Stored dataset items:
----

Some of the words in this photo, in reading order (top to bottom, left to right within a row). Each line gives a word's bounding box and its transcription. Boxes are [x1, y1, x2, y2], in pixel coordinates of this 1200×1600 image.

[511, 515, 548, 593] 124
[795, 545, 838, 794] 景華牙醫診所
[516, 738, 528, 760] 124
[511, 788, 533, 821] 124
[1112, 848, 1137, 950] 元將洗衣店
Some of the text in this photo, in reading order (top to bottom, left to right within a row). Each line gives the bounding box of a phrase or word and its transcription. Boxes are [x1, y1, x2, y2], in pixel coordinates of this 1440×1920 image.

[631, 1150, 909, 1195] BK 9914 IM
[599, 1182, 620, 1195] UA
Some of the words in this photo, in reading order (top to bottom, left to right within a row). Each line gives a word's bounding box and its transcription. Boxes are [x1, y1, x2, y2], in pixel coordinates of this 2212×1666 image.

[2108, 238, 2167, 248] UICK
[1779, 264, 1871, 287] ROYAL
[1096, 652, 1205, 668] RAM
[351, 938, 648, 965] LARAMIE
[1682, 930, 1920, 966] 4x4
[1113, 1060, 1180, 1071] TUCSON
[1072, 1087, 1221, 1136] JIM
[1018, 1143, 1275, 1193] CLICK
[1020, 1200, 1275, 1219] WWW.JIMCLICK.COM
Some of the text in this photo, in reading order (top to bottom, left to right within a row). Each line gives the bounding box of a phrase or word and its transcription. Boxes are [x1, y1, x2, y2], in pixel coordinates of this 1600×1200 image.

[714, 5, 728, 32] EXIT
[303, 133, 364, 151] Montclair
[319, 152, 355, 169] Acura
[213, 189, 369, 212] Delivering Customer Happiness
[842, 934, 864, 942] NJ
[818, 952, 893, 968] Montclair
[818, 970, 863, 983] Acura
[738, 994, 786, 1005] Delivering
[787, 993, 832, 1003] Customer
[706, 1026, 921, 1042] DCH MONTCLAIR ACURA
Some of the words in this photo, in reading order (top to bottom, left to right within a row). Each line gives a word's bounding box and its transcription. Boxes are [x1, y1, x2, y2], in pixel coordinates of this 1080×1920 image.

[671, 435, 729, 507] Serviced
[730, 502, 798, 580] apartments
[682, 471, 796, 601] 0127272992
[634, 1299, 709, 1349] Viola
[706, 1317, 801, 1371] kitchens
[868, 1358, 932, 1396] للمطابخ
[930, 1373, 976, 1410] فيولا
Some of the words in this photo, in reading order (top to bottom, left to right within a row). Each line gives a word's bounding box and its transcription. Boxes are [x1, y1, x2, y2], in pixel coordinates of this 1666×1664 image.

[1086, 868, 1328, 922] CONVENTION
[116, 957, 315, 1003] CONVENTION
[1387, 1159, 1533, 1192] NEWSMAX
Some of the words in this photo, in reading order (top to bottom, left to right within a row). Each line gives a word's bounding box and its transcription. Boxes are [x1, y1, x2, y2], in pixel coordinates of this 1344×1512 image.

----

Output the complete data verbatim.

Some of the words in this photo, in reading order (top to bottom, left to right within a row). Each line gives a word's bounding box and its transcription. Boxes are [x1, y1, x2, y2], in pixel coordinates of this 1200×1600 image.

[511, 515, 548, 593] 124
[795, 545, 838, 794] 景華牙醫診所
[516, 738, 528, 760] 124
[511, 788, 533, 821] 124
[1112, 848, 1137, 950] 元將洗衣店
Some of the text in this photo, in reading order (top to bottom, left to right within a row). Each line gives the bounding box of a phrase or word and its transcription. Boxes are [x1, y1, x2, y2], in pixel coordinates of this 1440×1920 image.

[631, 1150, 909, 1195] BK 9914 IM
[599, 1182, 620, 1195] UA
Some of the words in this photo, in reading order (top to bottom, left to right within a row). Each line gives a word's bounding box and its transcription. Boxes are [x1, y1, x2, y2], in pixel coordinates of this 2212×1666 image.

[2108, 238, 2167, 248] UICK
[1779, 264, 1871, 287] ROYAL
[1096, 652, 1205, 668] RAM
[351, 938, 648, 965] LARAMIE
[1682, 930, 1920, 966] 4x4
[1113, 1060, 1180, 1071] TUCSON
[1072, 1087, 1221, 1136] JIM
[1018, 1143, 1275, 1193] CLICK
[1020, 1200, 1275, 1219] WWW.JIMCLICK.COM
Some of the text in this photo, in reading order (top to bottom, left to right within a row). Each line gives the bounding box of a phrase or word and its transcription. Boxes are [x1, y1, x2, y2], in pixel coordinates of this 1600×1200 image.

[714, 5, 728, 32] EXIT
[303, 133, 364, 151] Montclair
[319, 152, 355, 169] Acura
[213, 189, 369, 212] Delivering Customer Happiness
[842, 934, 864, 942] NJ
[818, 952, 893, 968] Montclair
[818, 970, 863, 983] Acura
[738, 994, 786, 1005] Delivering
[787, 993, 832, 1003] Customer
[706, 1026, 921, 1042] DCH MONTCLAIR ACURA
Some of the words in this photo, in reading order (top to bottom, left to right within a row). Each line gives a word's bounding box and its transcription. Boxes are [x1, y1, x2, y2], in pixel coordinates of this 1080×1920 image.

[671, 435, 729, 507] Serviced
[730, 502, 798, 580] apartments
[682, 471, 796, 601] 0127272992
[634, 1299, 709, 1349] Viola
[706, 1317, 801, 1371] kitchens
[868, 1358, 932, 1396] للمطابخ
[930, 1373, 976, 1410] فيولا
Some of the words in this photo, in reading order (top to bottom, left to right within a row). Each line gives a word's bounding box and its transcription. Boxes are [x1, y1, x2, y2], in pixel coordinates of this 1666×1664 image.

[1086, 868, 1328, 922] CONVENTION
[116, 957, 315, 1003] CONVENTION
[1387, 1159, 1533, 1192] NEWSMAX
Some of the words in this photo, in reading order (top to bottom, left to right within a row). Each line gives a word's bounding box and its transcription. Boxes are [x1, y1, x2, y2], in pixel coordinates of this 1344×1512 image.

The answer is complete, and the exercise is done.